▶ [DATA LISTING]:
☆ ☆ ☆ ☆

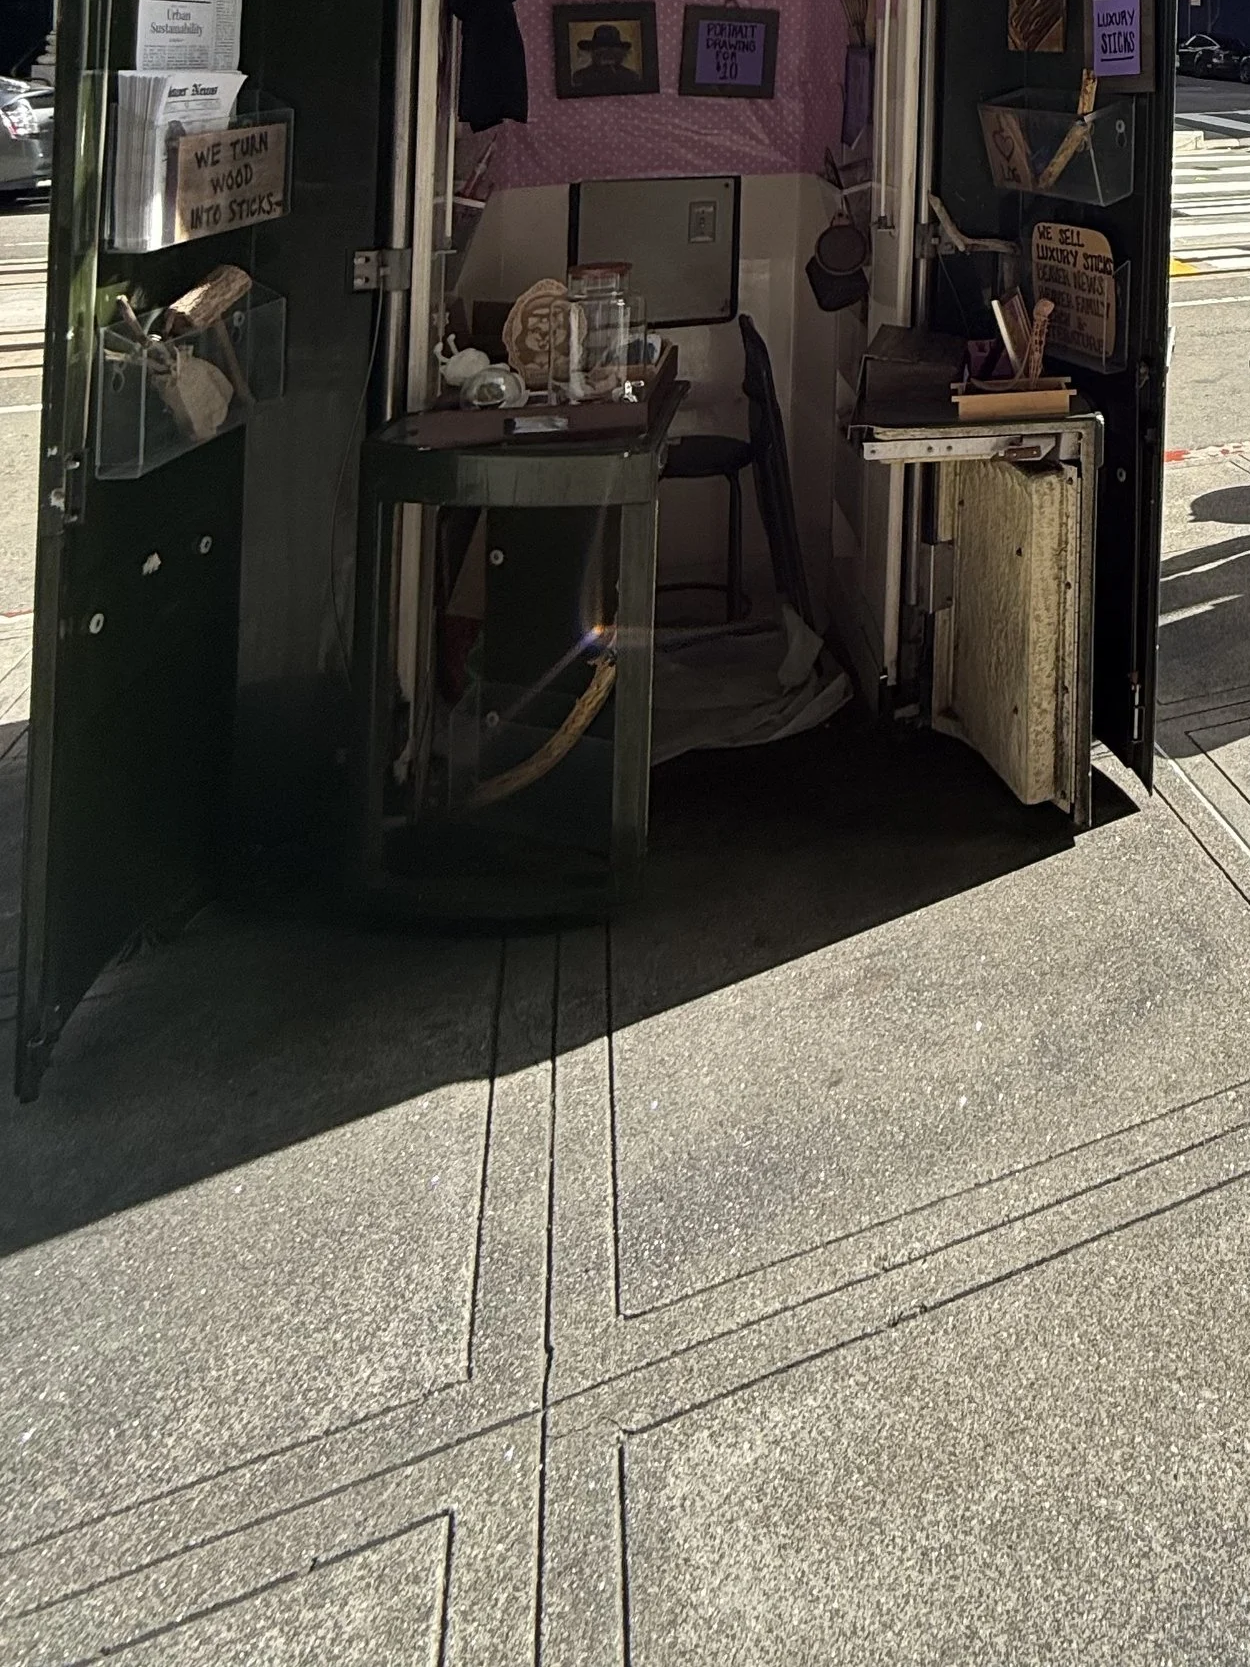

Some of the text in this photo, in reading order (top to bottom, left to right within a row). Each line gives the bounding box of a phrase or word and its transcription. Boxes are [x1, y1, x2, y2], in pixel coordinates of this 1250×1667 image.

[167, 9, 191, 21] Urban
[1097, 9, 1136, 28] LUXURY
[150, 22, 203, 36] Sustainability
[706, 22, 757, 39] PORTRAIT
[706, 37, 757, 53] DRAWING
[1101, 31, 1136, 55] STICKS
[716, 50, 737, 61] FOR
[194, 131, 269, 170] WE TURN
[210, 163, 253, 195] WOOD
[190, 203, 221, 231] INTO
[1037, 225, 1085, 247] WE SELL
[1036, 243, 1079, 268] LUXURY
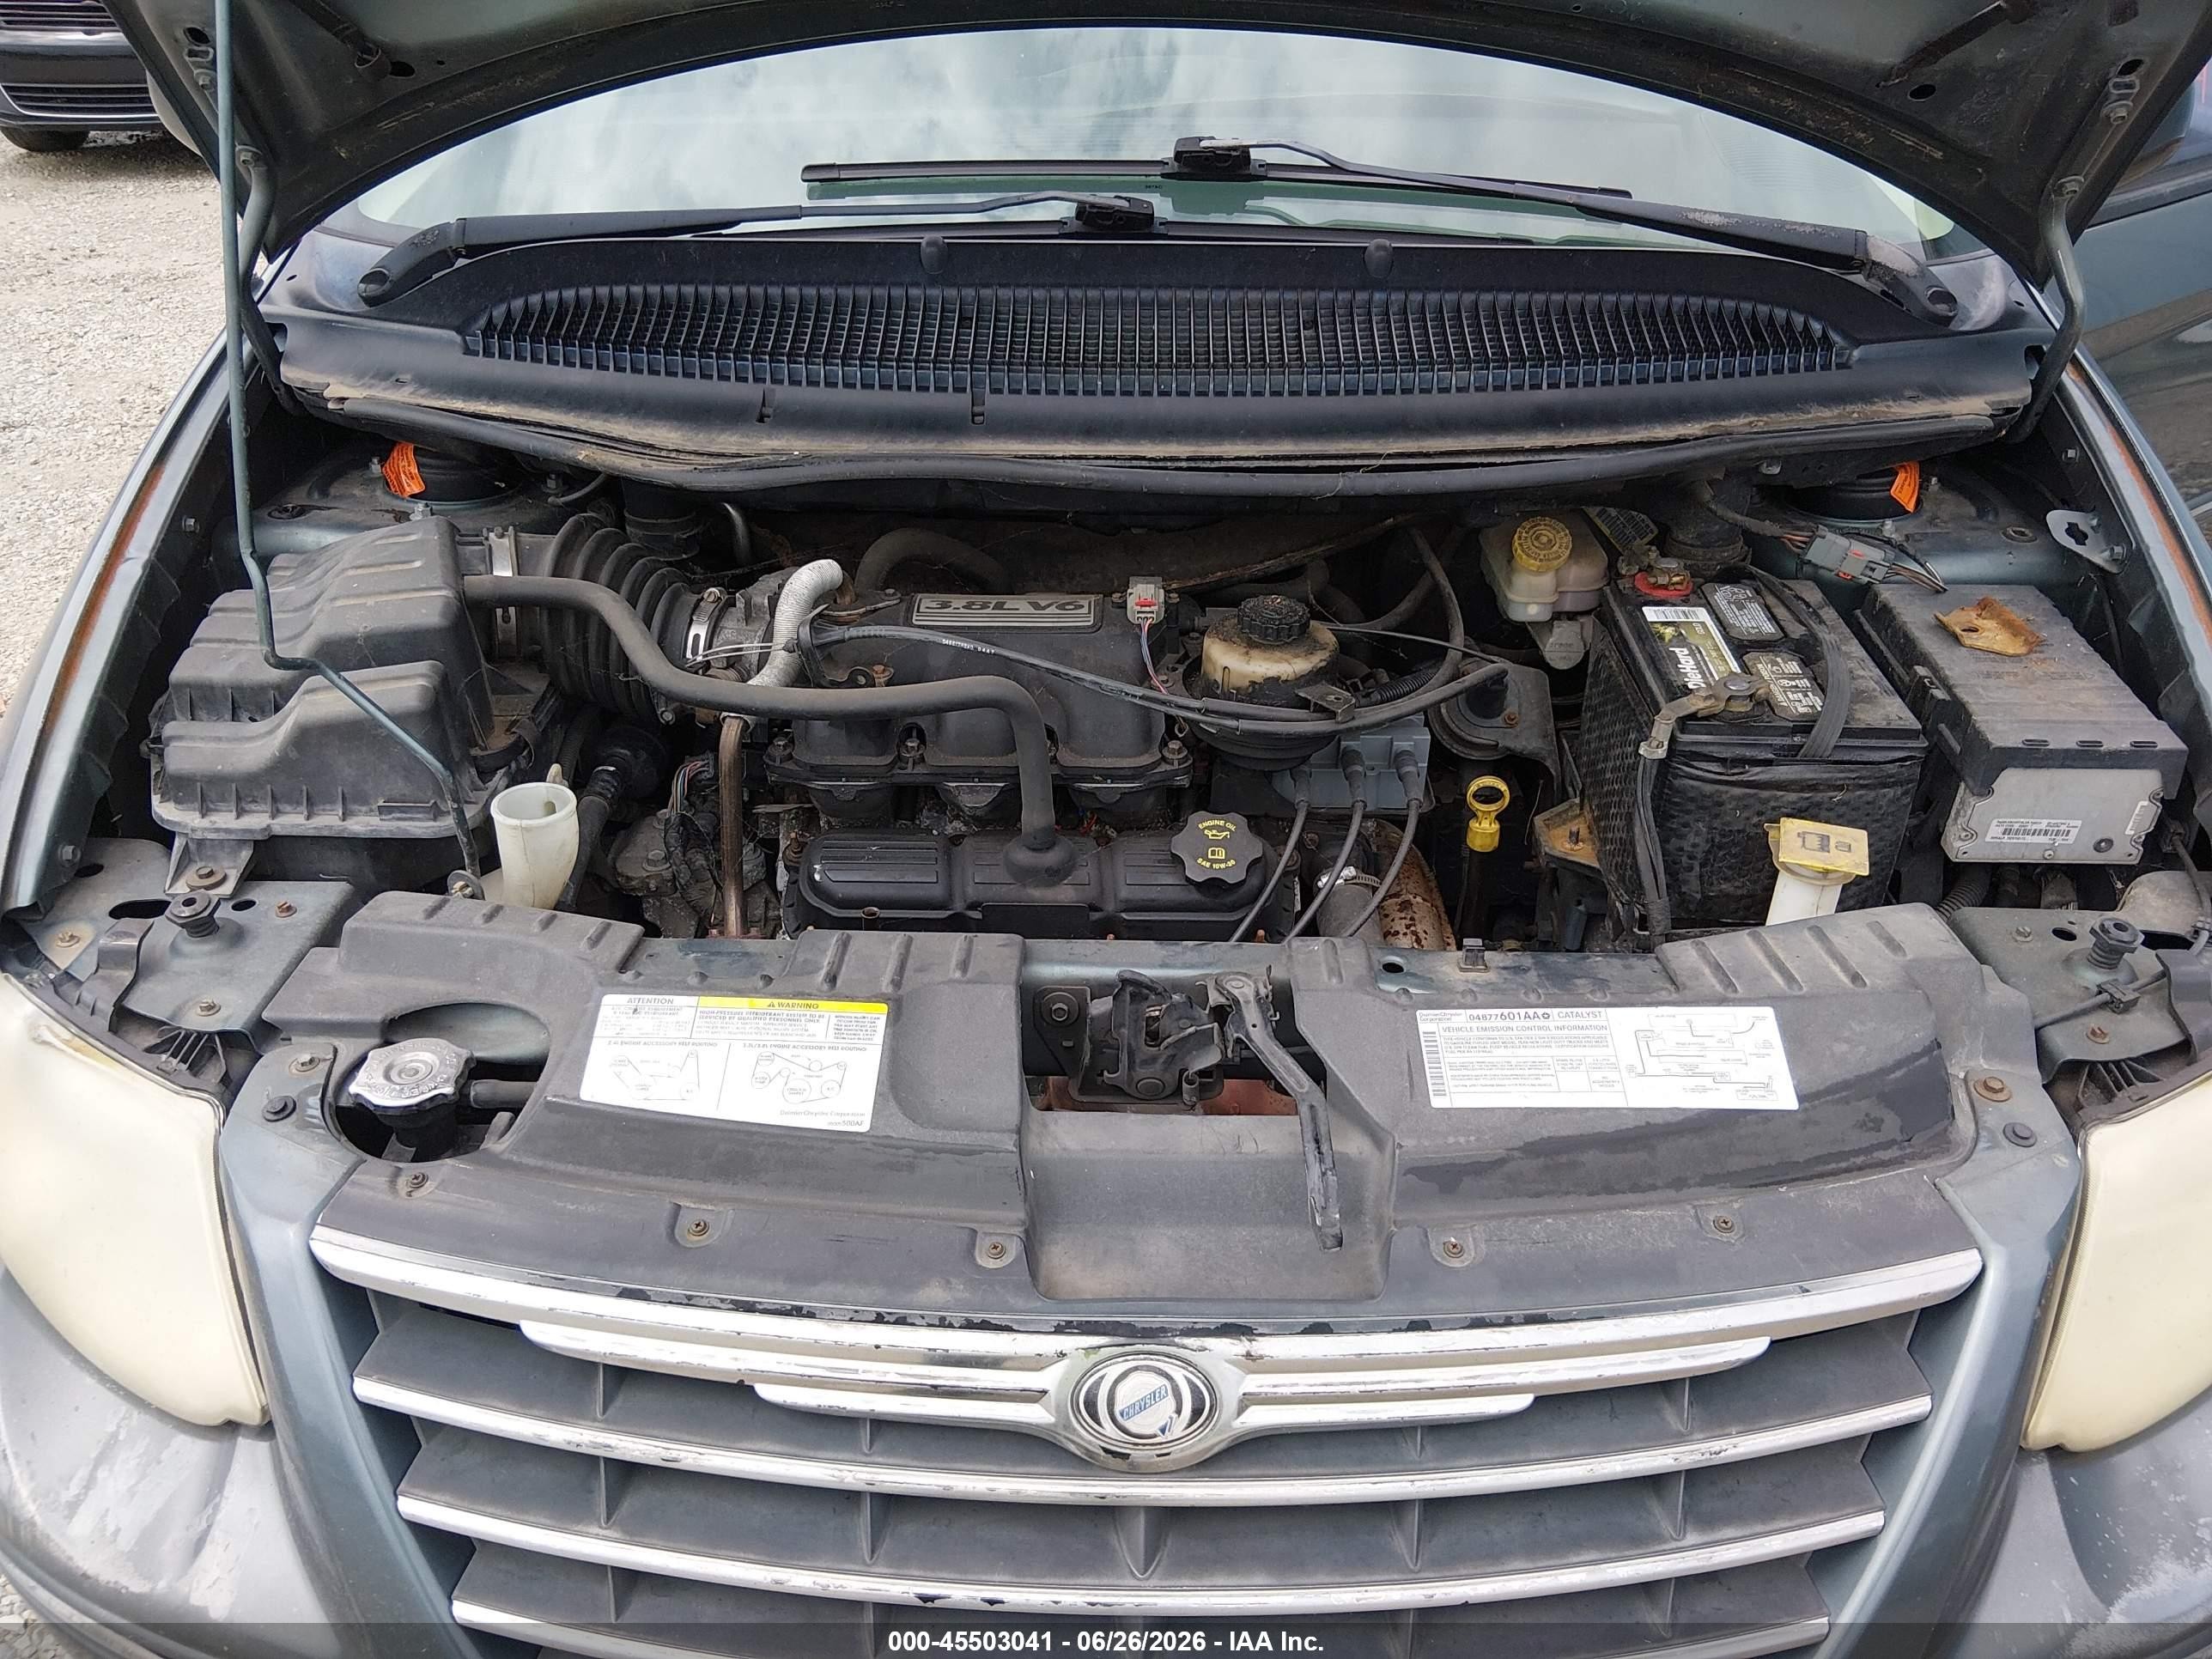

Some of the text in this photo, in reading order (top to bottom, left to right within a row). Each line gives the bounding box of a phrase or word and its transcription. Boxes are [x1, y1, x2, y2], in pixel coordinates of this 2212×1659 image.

☆ ☆ ☆ ☆

▶ [WORK REQUIRED]:
In the copy you write, the data above must appear exactly, with no pictures.

▶ [EXERCISE RESPONSE]:
Some of the text in this photo, in reading order (top to bottom, left to right within a row). Each line gives the bounding box of a phrase or word and its transcription. Boxes are [x1, y1, x2, y2], in pixel coordinates of this 1250×1667 image.

[167, 9, 191, 21] Urban
[1097, 9, 1136, 28] LUXURY
[150, 22, 203, 36] Sustainability
[706, 22, 757, 39] PORTRAIT
[706, 37, 757, 53] DRAWING
[1101, 31, 1136, 55] STICKS
[716, 50, 737, 61] FOR
[194, 131, 269, 170] WE TURN
[210, 163, 253, 195] WOOD
[190, 203, 221, 231] INTO
[1037, 225, 1085, 247] WE SELL
[1036, 243, 1079, 268] LUXURY

Some of the text in this photo, in reading order (top to bottom, left to right within a row). Each line gives the bounding box of a phrase or word and its transcription. Boxes are [x1, y1, x2, y2], in pixel coordinates of this 2212×1659 image.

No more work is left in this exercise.